L'année 2011 ne pouvait mieux commencer que par la chute d'un dictateur odieux sous les coups énergiques d'un soulèvement populaire massif, démocratique et déterminé. Malgré la répression sanglante dont il a été victime et qui a fait des dizaines de morts et des centaines de blessés, malgré les pseudo concessions et réformettes que le régime aux abois a été forcé de concéder au dernier moment, le peuple tunisien n'a pas reculé d'un pouce, n'a pas faibli et ne s'est pas laissé prendre au piège.
Face à cela, le cynisme des gouvernements occidentaux n'a décidément pas de bornes. Depuis 60 ans, ils ont tout fait pour assurer le maintien en place du régime dictatorial de Bourguiba (1957-1987) puis de son successeur Ben Ali (1987-2011), que ce soit au pire, en lui apportant un soutien direct, ou au mieux – ce qui revient en fait au même - en détournant les yeux de ses crimes. Aujourd'hui, après un mois de silence assourdissant face à la répression sanglante déclenchée par le régime, ils sont forcés et contraints aujourd'hui de « prendre acte » de la victoire populaire et de la fuite de leur protégé. Obama décroche la palme de l'hypocrisie en « saluant » après coup le « courage des Tunisiens », alors que Washington n'a pas cessé un instant d'aider, d'entraîner et de conseiller la police, l'armée et les services secrets du bourreau de ce peuple.
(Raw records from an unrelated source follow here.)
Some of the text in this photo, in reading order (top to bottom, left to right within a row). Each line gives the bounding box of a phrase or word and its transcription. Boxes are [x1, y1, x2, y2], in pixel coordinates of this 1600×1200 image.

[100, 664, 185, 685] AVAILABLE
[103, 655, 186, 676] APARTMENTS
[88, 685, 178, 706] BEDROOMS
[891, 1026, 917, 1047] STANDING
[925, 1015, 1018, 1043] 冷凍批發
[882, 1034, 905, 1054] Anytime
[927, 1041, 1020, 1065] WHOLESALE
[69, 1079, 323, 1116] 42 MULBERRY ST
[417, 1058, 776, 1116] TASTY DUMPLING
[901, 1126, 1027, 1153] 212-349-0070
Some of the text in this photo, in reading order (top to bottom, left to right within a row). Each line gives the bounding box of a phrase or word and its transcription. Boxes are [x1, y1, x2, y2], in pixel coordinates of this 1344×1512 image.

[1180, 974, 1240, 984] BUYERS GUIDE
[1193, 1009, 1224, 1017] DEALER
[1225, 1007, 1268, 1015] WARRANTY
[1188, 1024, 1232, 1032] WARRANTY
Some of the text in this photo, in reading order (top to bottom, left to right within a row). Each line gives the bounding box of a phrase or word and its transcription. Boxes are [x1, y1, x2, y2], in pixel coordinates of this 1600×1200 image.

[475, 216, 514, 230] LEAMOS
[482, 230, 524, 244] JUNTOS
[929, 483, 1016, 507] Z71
Le gouvernement belge n'est pas en reste: alors que Ben Ali préparait ses valises, le ministre des affaires étrangères, Steven Vanackere, prônait « un apaisement par le dialogue entre les autorités et les aspirations exprimées par les manifestants ». Quant au PS belge, s'il a demandé tardivement la fin de la répression, il a par contre soigneusement évité d'exiger la fin de la dictature puisque le parti de Ben Ali est membre de son Internationale « socialiste »!
La fuite honteuse du dictateur et de ses proches, qui ont certainement emporté dans leurs bagages une bonne partie des richesses qu'ils ont spoliées, représente un événement et un tournant majeurs, non seulement pour les peuples du Maghreb, mais à l'échelle internationale et mondiale. Le peuple tunisien a donné un exemple universel de combativité à travers une lutte déterminée et radicale qui démontre qu'il s'agit de la seule voie permettant d'atteindre un réel résultat. Cet exemple a et aura un impact important parmi les peuples du Maghreb et dans le monde arabe en général. Mohammed VI au Maroc ou Bouteflika en Algérie tremblent pour leur pouvoir et ils ont bien raison car l'exemple des peuples qui se libèrent par la lutte est contagieux. Déjà, en Algérie la jeunesse est également entrée en rébellion contre la misère, le chômage et la vie chère. Au Maroc plus de 20.000 personnes ont manifesté à Tindouf fin décembre dernier. La Jordanie est secouée par des manifestations massives contre l'inflation.
Loin des campagnes racistes et islamophobes sur le soi-disant "choc des civilisations", qui tentent de faire accroire que la mobilisation des peuples arabo-musulmans pave le chemin de l'intégrisme religieux obscurantiste et qui, sous ce prétexte, soutiennent des dictatures de tout poil (fondamentalistes ou pseudo-laïques), la victoire du peuple tunisien montre le formidable potentiel d'émancipation et de démocratie que recèle toute lutte de masse contre l'injustice. Le rôle actif des femmes dans cette victoire, celui des jeunes femmes en particulier, est un signe qui ne trompe pas.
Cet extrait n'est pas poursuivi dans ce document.